In turn, Paragraph 22 of the purchase and sale agreement (PSA) provides that: “The Parties agree to mediate any dispute or claim arising between them out of this Agreement, or any resulting transaction, before resorting to arbitration or court action through the C.A.R. Real Estate Mediation Center for Consumers (consumermediation.org) or through any other mediation provider or service mutually agreed to by the Parties….If, for any dispute or claim to which this paragraph applies, any Party (i) commences an action without first attempting to resolve the matter through mediation or (ii) before commencement of an action, refuses to mediate after a request has been made, then that Party shall not be entitled to recover attorney’s fees, even if they would otherwise be available to that Party in any such action.”
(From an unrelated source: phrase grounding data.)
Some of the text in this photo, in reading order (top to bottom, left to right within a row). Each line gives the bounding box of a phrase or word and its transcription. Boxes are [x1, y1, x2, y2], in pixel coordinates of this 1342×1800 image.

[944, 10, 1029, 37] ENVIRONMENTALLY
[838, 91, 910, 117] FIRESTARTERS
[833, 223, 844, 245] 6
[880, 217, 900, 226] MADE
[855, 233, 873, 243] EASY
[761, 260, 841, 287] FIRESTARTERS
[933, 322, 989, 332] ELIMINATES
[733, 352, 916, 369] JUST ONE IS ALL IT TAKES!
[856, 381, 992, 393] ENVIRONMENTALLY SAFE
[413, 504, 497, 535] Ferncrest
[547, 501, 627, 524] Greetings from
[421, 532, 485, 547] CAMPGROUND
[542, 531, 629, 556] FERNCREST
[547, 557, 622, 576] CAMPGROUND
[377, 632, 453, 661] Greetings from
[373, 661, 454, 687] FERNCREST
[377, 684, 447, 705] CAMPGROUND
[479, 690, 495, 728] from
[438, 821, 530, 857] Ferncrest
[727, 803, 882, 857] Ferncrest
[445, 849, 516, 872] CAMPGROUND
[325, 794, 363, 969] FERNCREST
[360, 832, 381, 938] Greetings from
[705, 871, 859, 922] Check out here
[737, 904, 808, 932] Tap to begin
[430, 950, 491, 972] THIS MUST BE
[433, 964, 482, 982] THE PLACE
In California, buyers, sellers, landlords, tenants, their agents and their attorneys should pay very close attention to the terms of the contract to make sure they do not cause a costly error for their clients. Before filing suit, contact an experienced real estate attorney in California to discuss your best strategy to make sure the defendant does not take advantage of your mistake.

About Scott Talkov

Scott Talkov is California's #1 partition lawyer, having handled over 370 partition actions. He founded Talkov Law Corp. after more than one decade of experience at a California real estate litigation firm, where he served as one of the firm's partners. He has been featured on CNN, ABC 7, KCBS, and KCAL-9, and in the Los Angeles Times, the Orange County Register, the San Diego Union-Tribune, the Press-Enterprise, and in Los Angeles Lawyer Magazine. Scott has been rated by Super Lawyers since 2013. He can be reached about new matters at info@talkovlaw.com or (844) 4-TALKOV (825568). He can also be contacted directly at scott@talkovlaw.com.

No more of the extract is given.